What you should do: Below are records to write out again, exactly as they read.
══════════
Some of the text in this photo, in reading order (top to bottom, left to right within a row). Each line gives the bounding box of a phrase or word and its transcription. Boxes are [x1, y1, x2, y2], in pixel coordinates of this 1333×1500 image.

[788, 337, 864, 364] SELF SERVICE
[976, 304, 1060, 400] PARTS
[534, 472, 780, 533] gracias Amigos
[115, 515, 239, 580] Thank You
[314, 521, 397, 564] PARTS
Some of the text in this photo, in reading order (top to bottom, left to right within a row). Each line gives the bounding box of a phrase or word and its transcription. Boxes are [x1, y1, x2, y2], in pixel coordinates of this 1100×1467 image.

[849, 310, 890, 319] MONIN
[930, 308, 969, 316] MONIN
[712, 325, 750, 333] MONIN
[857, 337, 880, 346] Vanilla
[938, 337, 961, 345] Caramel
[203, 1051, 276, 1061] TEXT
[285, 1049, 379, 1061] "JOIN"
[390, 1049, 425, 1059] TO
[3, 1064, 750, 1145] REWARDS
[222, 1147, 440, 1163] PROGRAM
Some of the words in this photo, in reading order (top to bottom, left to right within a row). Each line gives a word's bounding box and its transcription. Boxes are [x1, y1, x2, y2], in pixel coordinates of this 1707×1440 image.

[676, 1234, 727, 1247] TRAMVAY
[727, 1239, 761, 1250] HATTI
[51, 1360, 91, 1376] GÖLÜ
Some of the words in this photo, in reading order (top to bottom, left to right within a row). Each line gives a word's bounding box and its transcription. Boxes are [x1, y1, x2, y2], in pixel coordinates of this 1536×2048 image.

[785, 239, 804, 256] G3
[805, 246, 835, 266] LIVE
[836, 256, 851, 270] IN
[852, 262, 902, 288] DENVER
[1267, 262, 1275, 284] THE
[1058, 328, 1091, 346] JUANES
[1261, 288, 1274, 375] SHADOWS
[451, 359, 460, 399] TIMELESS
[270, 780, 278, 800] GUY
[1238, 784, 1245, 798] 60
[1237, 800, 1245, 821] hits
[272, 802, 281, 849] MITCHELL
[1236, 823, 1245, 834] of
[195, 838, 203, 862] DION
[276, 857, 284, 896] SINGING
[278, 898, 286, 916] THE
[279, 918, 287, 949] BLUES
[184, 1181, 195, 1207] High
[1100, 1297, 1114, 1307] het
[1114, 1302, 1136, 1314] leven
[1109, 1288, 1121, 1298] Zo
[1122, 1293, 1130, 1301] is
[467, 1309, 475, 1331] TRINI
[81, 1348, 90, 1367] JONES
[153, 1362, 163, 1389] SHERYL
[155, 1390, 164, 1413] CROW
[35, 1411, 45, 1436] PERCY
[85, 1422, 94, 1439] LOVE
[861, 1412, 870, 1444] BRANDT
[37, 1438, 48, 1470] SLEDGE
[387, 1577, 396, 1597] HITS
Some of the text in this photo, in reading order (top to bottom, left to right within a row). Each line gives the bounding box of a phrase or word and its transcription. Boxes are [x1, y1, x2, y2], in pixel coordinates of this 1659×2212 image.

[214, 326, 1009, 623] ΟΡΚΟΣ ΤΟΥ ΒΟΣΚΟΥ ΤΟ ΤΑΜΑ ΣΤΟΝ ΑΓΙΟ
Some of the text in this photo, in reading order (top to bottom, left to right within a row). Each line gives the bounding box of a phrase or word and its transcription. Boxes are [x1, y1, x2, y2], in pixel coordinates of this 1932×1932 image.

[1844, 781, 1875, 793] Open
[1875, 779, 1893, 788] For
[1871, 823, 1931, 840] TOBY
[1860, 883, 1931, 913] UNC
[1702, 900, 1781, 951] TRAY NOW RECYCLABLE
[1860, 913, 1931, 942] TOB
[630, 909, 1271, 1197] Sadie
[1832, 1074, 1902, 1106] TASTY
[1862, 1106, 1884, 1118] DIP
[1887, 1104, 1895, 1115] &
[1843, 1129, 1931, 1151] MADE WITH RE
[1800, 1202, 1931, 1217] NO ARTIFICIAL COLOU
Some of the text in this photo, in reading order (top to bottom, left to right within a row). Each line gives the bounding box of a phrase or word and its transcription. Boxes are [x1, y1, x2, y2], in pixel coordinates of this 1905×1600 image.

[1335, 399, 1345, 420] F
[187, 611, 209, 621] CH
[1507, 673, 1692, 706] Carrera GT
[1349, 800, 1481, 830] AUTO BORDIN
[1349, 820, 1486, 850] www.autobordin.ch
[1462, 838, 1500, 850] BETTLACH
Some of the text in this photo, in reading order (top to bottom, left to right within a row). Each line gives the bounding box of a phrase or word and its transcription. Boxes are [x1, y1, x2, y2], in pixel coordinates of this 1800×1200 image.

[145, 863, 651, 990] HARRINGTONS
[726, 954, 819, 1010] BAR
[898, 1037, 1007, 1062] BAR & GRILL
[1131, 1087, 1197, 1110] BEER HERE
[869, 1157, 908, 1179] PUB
══════════
Exercise result:
Some of the text in this photo, in reading order (top to bottom, left to right within a row). Each line gives the bounding box of a phrase or word and its transcription. Boxes are [x1, y1, x2, y2], in pixel coordinates of this 1333×1500 image.

[788, 337, 864, 364] SELF SERVICE
[976, 304, 1060, 400] PARTS
[534, 472, 780, 533] gracias Amigos
[115, 515, 239, 580] Thank You
[314, 521, 397, 564] PARTS
Some of the text in this photo, in reading order (top to bottom, left to right within a row). Each line gives the bounding box of a phrase or word and its transcription. Boxes are [x1, y1, x2, y2], in pixel coordinates of this 1100×1467 image.

[849, 310, 890, 319] MONIN
[930, 308, 969, 316] MONIN
[712, 325, 750, 333] MONIN
[857, 337, 880, 346] Vanilla
[938, 337, 961, 345] Caramel
[203, 1051, 276, 1061] TEXT
[285, 1049, 379, 1061] "JOIN"
[390, 1049, 425, 1059] TO
[3, 1064, 750, 1145] REWARDS
[222, 1147, 440, 1163] PROGRAM
Some of the words in this photo, in reading order (top to bottom, left to right within a row). Each line gives a word's bounding box and its transcription. Boxes are [x1, y1, x2, y2], in pixel coordinates of this 1707×1440 image.

[676, 1234, 727, 1247] TRAMVAY
[727, 1239, 761, 1250] HATTI
[51, 1360, 91, 1376] GÖLÜ
Some of the words in this photo, in reading order (top to bottom, left to right within a row). Each line gives a word's bounding box and its transcription. Boxes are [x1, y1, x2, y2], in pixel coordinates of this 1536×2048 image.

[785, 239, 804, 256] G3
[805, 246, 835, 266] LIVE
[836, 256, 851, 270] IN
[852, 262, 902, 288] DENVER
[1267, 262, 1275, 284] THE
[1058, 328, 1091, 346] JUANES
[1261, 288, 1274, 375] SHADOWS
[451, 359, 460, 399] TIMELESS
[270, 780, 278, 800] GUY
[1238, 784, 1245, 798] 60
[1237, 800, 1245, 821] hits
[272, 802, 281, 849] MITCHELL
[1236, 823, 1245, 834] of
[195, 838, 203, 862] DION
[276, 857, 284, 896] SINGING
[278, 898, 286, 916] THE
[279, 918, 287, 949] BLUES
[184, 1181, 195, 1207] High
[1100, 1297, 1114, 1307] het
[1114, 1302, 1136, 1314] leven
[1109, 1288, 1121, 1298] Zo
[1122, 1293, 1130, 1301] is
[467, 1309, 475, 1331] TRINI
[81, 1348, 90, 1367] JONES
[153, 1362, 163, 1389] SHERYL
[155, 1390, 164, 1413] CROW
[35, 1411, 45, 1436] PERCY
[85, 1422, 94, 1439] LOVE
[861, 1412, 870, 1444] BRANDT
[37, 1438, 48, 1470] SLEDGE
[387, 1577, 396, 1597] HITS
Some of the text in this photo, in reading order (top to bottom, left to right within a row). Each line gives the bounding box of a phrase or word and its transcription. Boxes are [x1, y1, x2, y2], in pixel coordinates of this 1659×2212 image.

[214, 326, 1009, 623] ΟΡΚΟΣ ΤΟΥ ΒΟΣΚΟΥ ΤΟ ΤΑΜΑ ΣΤΟΝ ΑΓΙΟ
Some of the text in this photo, in reading order (top to bottom, left to right within a row). Each line gives the bounding box of a phrase or word and its transcription. Boxes are [x1, y1, x2, y2], in pixel coordinates of this 1932×1932 image.

[1844, 781, 1875, 793] Open
[1875, 779, 1893, 788] For
[1871, 823, 1931, 840] TOBY
[1860, 883, 1931, 913] UNC
[1702, 900, 1781, 951] TRAY NOW RECYCLABLE
[1860, 913, 1931, 942] TOB
[630, 909, 1271, 1197] Sadie
[1832, 1074, 1902, 1106] TASTY
[1862, 1106, 1884, 1118] DIP
[1887, 1104, 1895, 1115] &
[1843, 1129, 1931, 1151] MADE WITH RE
[1800, 1202, 1931, 1217] NO ARTIFICIAL COLOU
Some of the text in this photo, in reading order (top to bottom, left to right within a row). Each line gives the bounding box of a phrase or word and its transcription. Boxes are [x1, y1, x2, y2], in pixel coordinates of this 1905×1600 image.

[1335, 399, 1345, 420] F
[187, 611, 209, 621] CH
[1507, 673, 1692, 706] Carrera GT
[1349, 800, 1481, 830] AUTO BORDIN
[1349, 820, 1486, 850] www.autobordin.ch
[1462, 838, 1500, 850] BETTLACH
Some of the text in this photo, in reading order (top to bottom, left to right within a row). Each line gives the bounding box of a phrase or word and its transcription. Boxes are [x1, y1, x2, y2], in pixel coordinates of this 1800×1200 image.

[145, 863, 651, 990] HARRINGTONS
[726, 954, 819, 1010] BAR
[898, 1037, 1007, 1062] BAR & GRILL
[1131, 1087, 1197, 1110] BEER HERE
[869, 1157, 908, 1179] PUB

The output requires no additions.